So, if you look around you, you'll find that nearly all endeavors related to
sustenance have been saturated. It's difficult to earn a living as an
individual in food service, teaching, nursing, transportation, textiles, even
construction (when we include downturns in average pay and job security). Or
another way to say that is, if you work in a field that isn't scalable
(automatable), then your income will approach the incomes of your peers.

However, endeavors which are profitable are becoming less saturated. So
companies that do nothing related to sustenance are getting billion dollar
exits. These endeavors include things like: statistical models to predict what
users want so that relevant ads can be shown to them that lower their customer
acquisition cost. Or, disruptive technologies that give us what we already had
but with more convenience:

[https://www.nerdwallet.com/blog/investing/upcoming-ipos-
to-w...](https://www.nerdwallet.com/blog/investing/upcoming-ipos-to-watch-
in-2019/)

\---

Airbnb: Both?

Beyond Meat Inc. (BYND): Necessity

Chewy (CHWY): Profitability

CrowdStrike Holdings (CRWD): Profitability

Fiverr International Ltd. (FVRR): Both?

Lyft (LYFT): Both?

Peloton (PTON): Both?

Pinterest (PINS): Profitability

Postmates: Both?

Robinhood: Profitability

Slack (WORK): Profitability

The RealReal (REAL): Profitability

The We Company (aka WeWork): Both?

Uber (UBER): Both?

Zoom (ZM): Profitability

\---

Profitability: 7

Necessity: 1

Both?: 7

Here I'm saying that companies that produce tangible goods or an income stream
for their users are necessity-based. Ones that increase efficiency or
disrupt/replace an existing industry are profitability-based. For this small
sample size, it looks like necessity and profitability are about 50/50.

But with ever-increasing wealth inequality, the necessity side is getting
squeezed hard. As the middle class shrinks, necessity wages become grouped
more strongly towards the poverty side. So if you're working out in the world
trying to make rent, you'll never be able to get ahead of the curve enough to
do your startup.

If you do happen to make it to the other side and become part of the top 10%,
you'll have so much money and influence at your disposal that no matter how
creative you think you are, you'll underperform against the other 9
entrepreneurs that never made it.
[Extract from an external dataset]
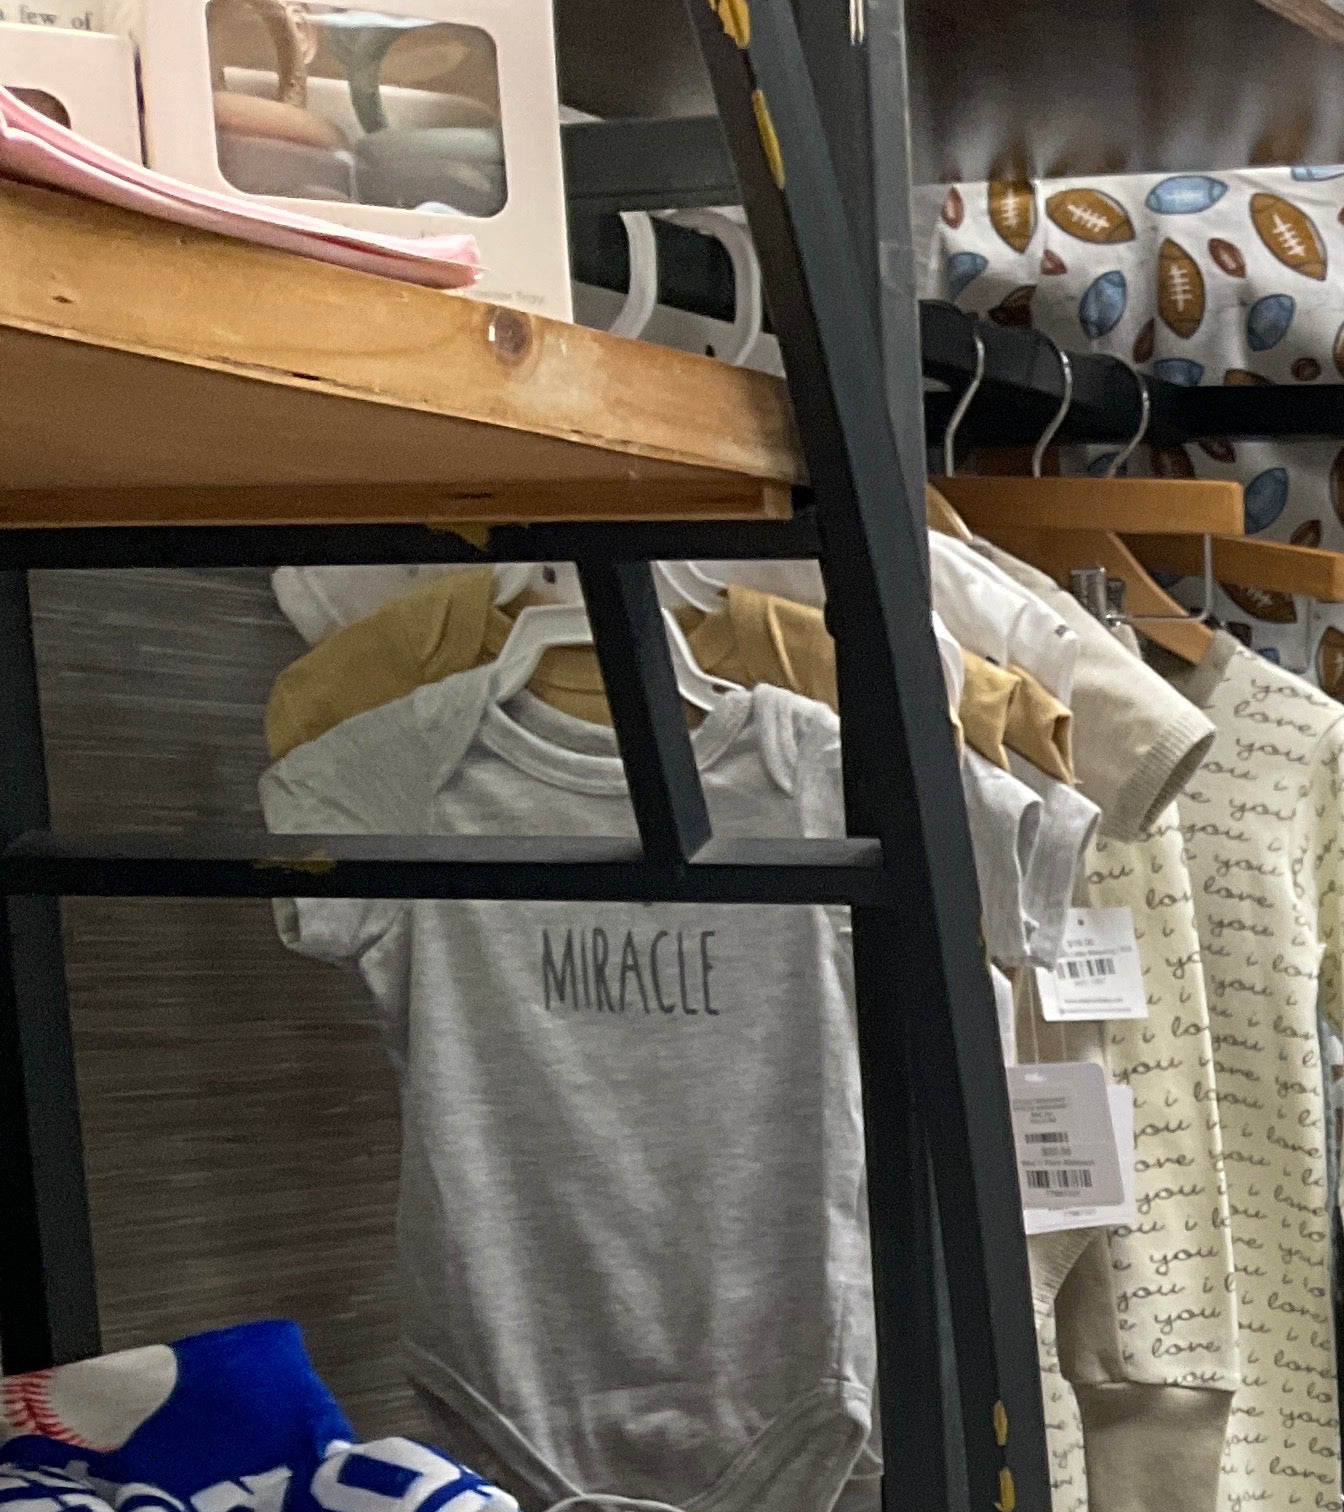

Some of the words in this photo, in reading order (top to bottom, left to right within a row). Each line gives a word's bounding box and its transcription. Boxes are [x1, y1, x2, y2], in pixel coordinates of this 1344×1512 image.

Society's realized potential will be 1/10 of
what it could be. And that realized potential becomes smaller and smaller as
wealth inequality increases.

If we want to realize our potential, it starts with reducing the barriers to
entry. We need capital for people between the necessity and profitability
extremes. So banks either need to start making loans to entrepreneurs again
(something between angel investors at $10,000 and venture capitalists at $1
million), or we need something like universal basic income (UBI).

This is a macroeconomic argument I'm not seeing much. The microeconomic
arguments about discipline and pulling ourselves up by our bootstraps are all
around us. They self-evidently don't work, as reflected in the unrealized
potential of so much capital and technology eating the world, and so little
personal wealth (leisure time) available to the masses.